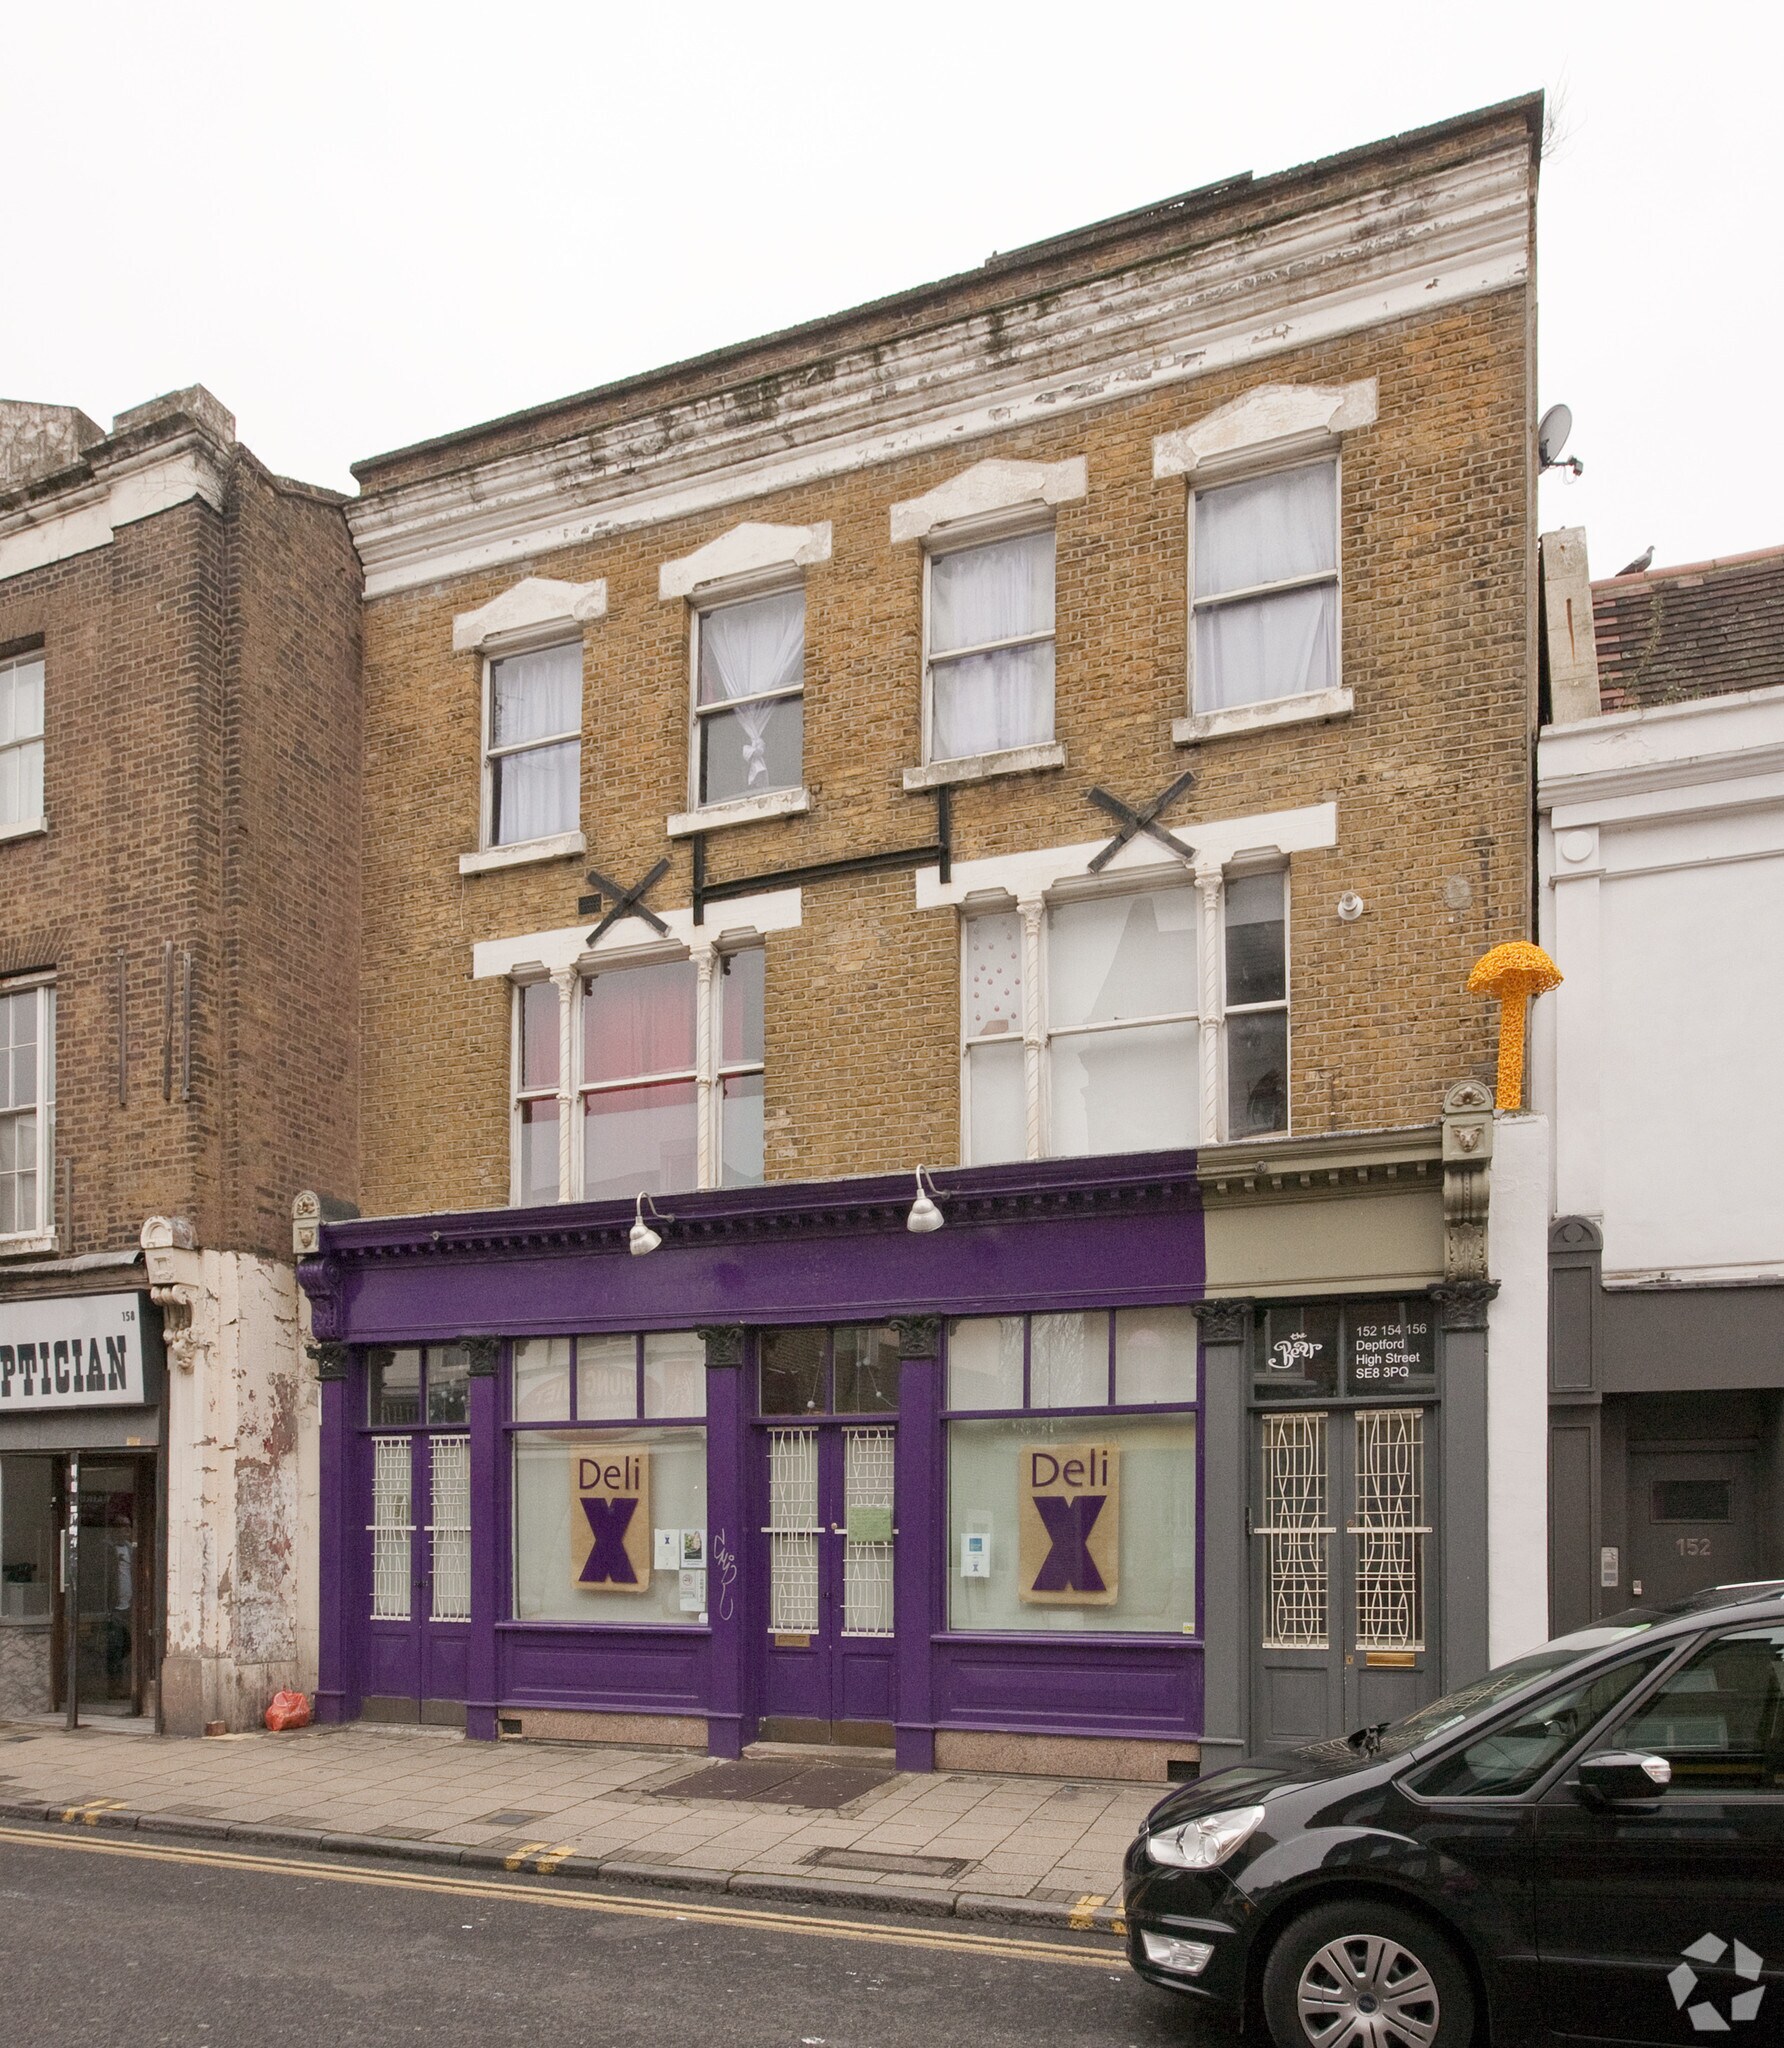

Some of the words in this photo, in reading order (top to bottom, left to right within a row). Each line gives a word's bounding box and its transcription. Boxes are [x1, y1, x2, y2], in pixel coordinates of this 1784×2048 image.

[121, 1310, 135, 1321] 158
[1290, 1332, 1307, 1340] the
[1356, 1325, 1377, 1337] 152
[1381, 1324, 1402, 1336] 154
[1406, 1323, 1427, 1335] 156
[1268, 1340, 1323, 1369] Bear
[1356, 1338, 1405, 1353] Deptford
[0, 1335, 127, 1397] PTICIAN
[1356, 1353, 1382, 1367] High
[1385, 1352, 1420, 1364] Street
[1355, 1367, 1380, 1379] SE8
[1383, 1366, 1409, 1378] 3PQ
[579, 1456, 640, 1490] Deli
[1032, 1448, 1108, 1488] Deli
[578, 1497, 639, 1584] X
[1031, 1495, 1107, 1592] X
[1675, 1538, 1711, 1556] 152
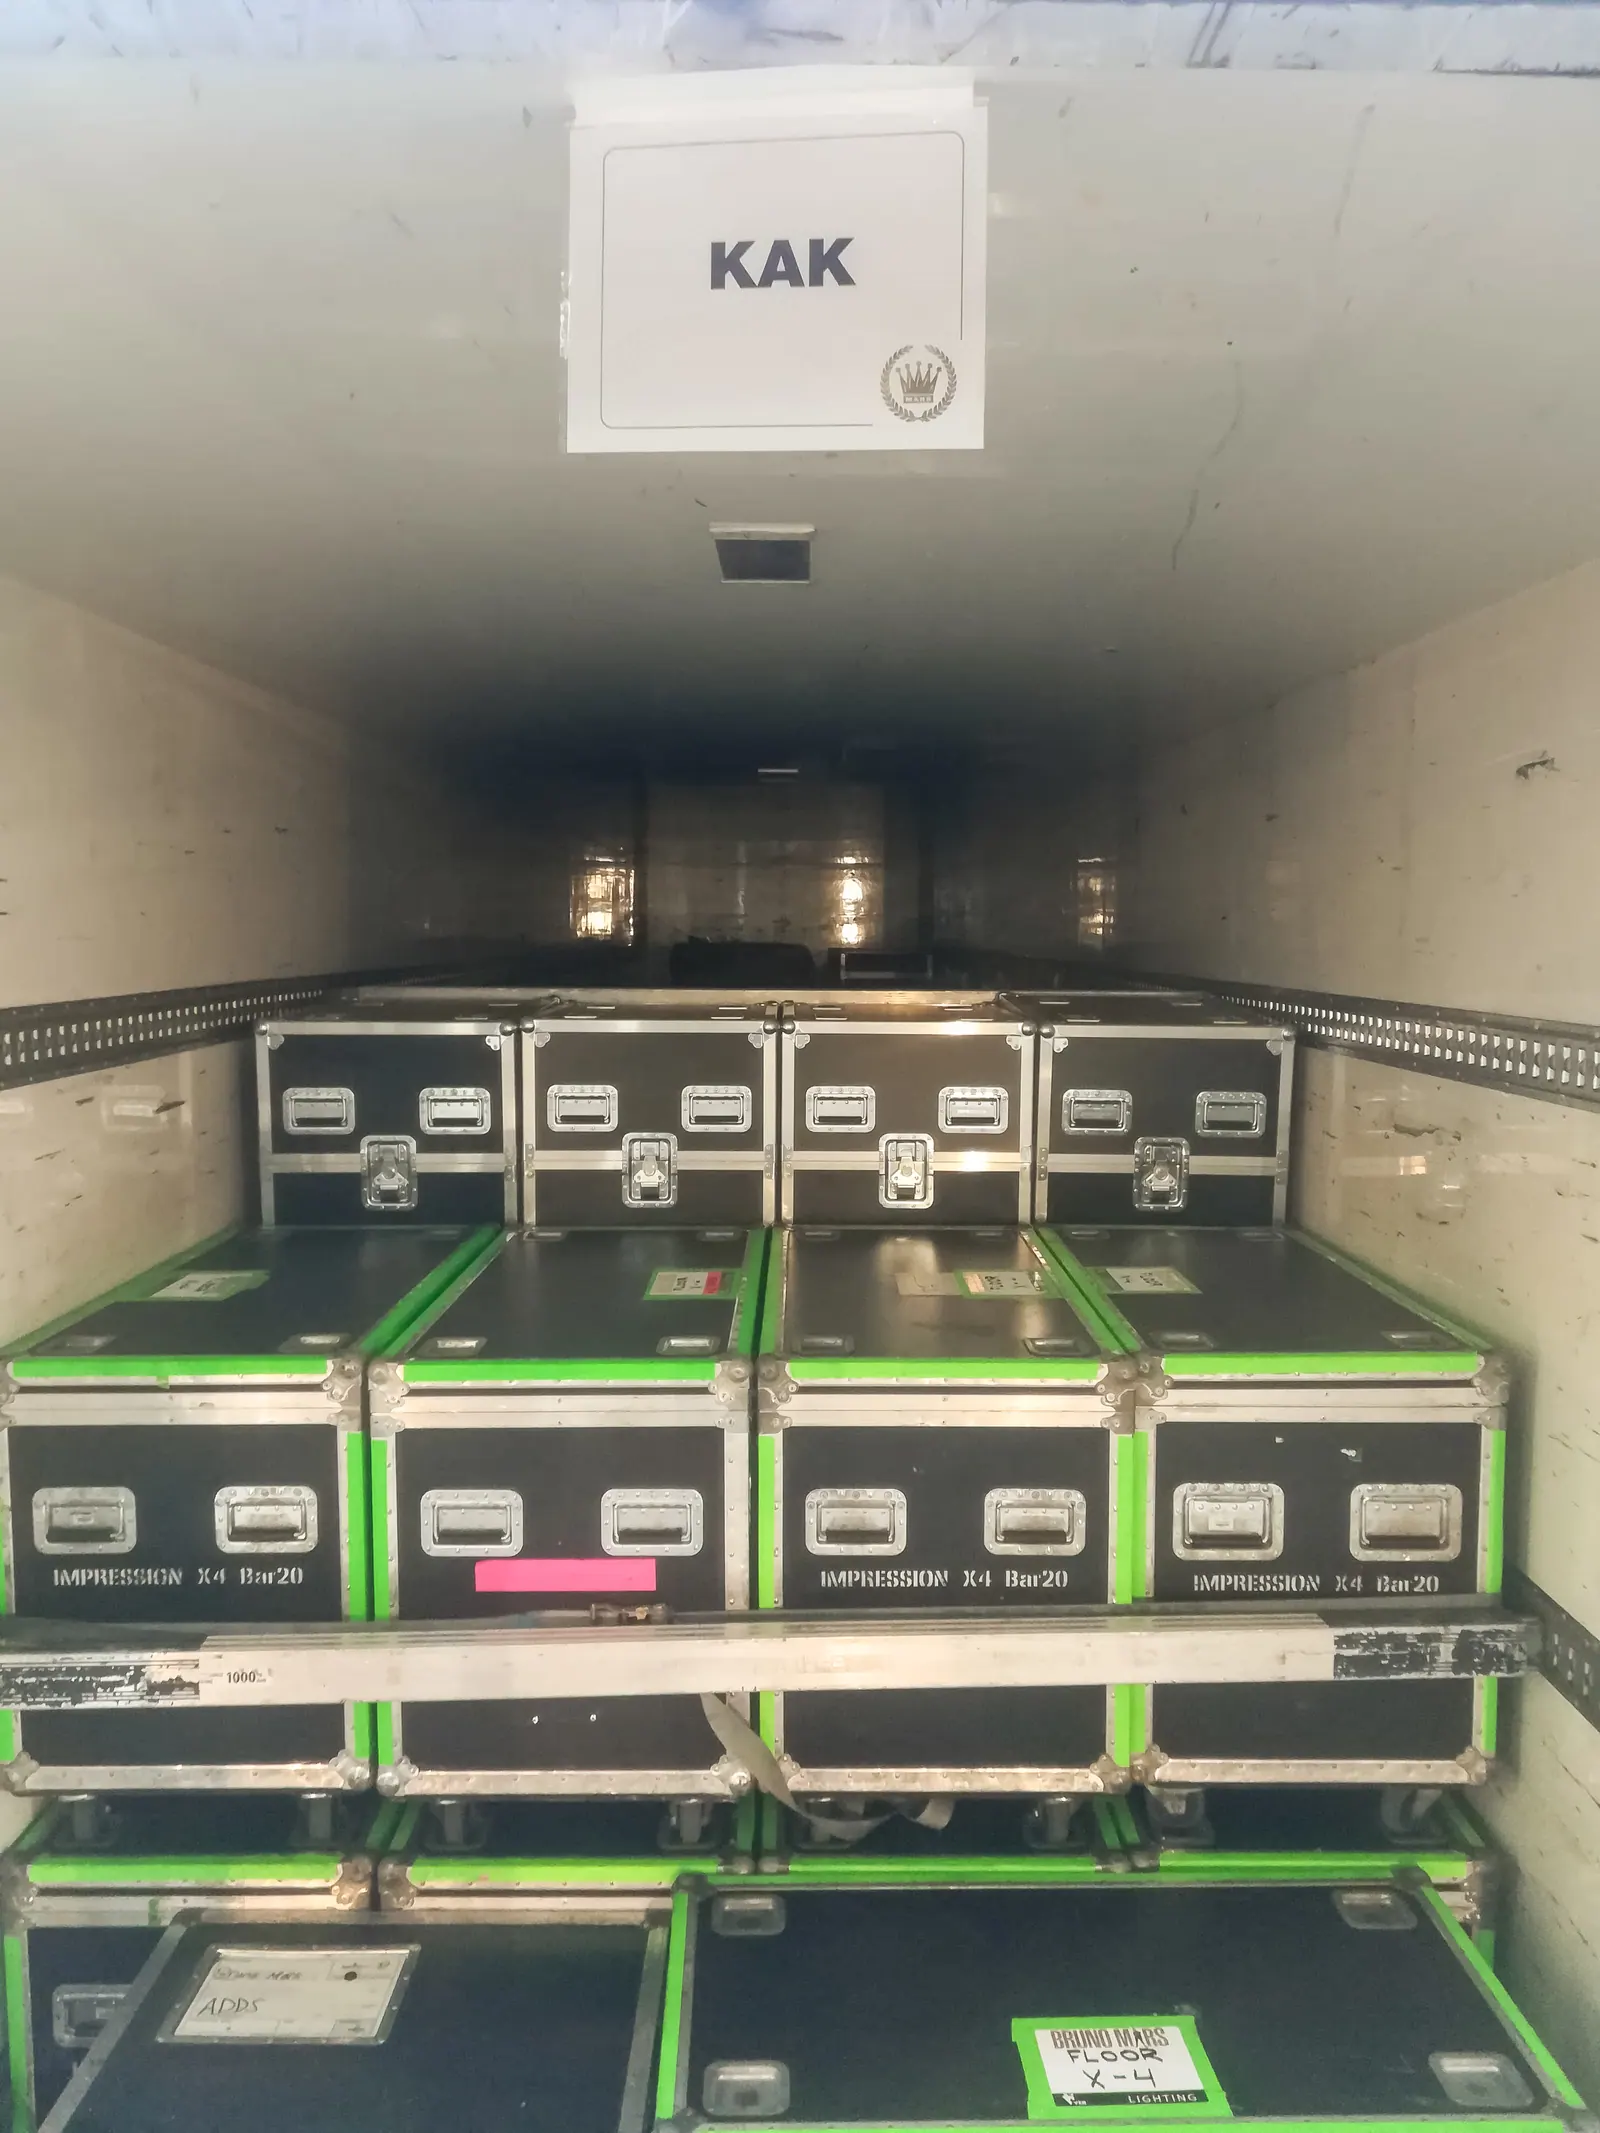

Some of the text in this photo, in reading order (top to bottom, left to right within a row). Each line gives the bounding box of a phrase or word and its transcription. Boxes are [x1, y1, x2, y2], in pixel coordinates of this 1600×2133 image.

## TASK GOAL:
An exact copy of every entry above is needed, with the pictures left out.

## TASK ANSWER:
Some of the words in this photo, in reading order (top to bottom, left to right within a row). Each line gives a word's bounding box and its transcription. Boxes are [x1, y1, x2, y2], in pixel coordinates of this 1784×2048 image.

[121, 1310, 135, 1321] 158
[1290, 1332, 1307, 1340] the
[1356, 1325, 1377, 1337] 152
[1381, 1324, 1402, 1336] 154
[1406, 1323, 1427, 1335] 156
[1268, 1340, 1323, 1369] Bear
[1356, 1338, 1405, 1353] Deptford
[0, 1335, 127, 1397] PTICIAN
[1356, 1353, 1382, 1367] High
[1385, 1352, 1420, 1364] Street
[1355, 1367, 1380, 1379] SE8
[1383, 1366, 1409, 1378] 3PQ
[579, 1456, 640, 1490] Deli
[1032, 1448, 1108, 1488] Deli
[578, 1497, 639, 1584] X
[1031, 1495, 1107, 1592] X
[1675, 1538, 1711, 1556] 152

Some of the text in this photo, in reading order (top to bottom, left to right within a row). Each line gives the bounding box of a phrase or word and its transcription. Boxes are [x1, y1, x2, y2], in pixel coordinates of this 1600×2133 image.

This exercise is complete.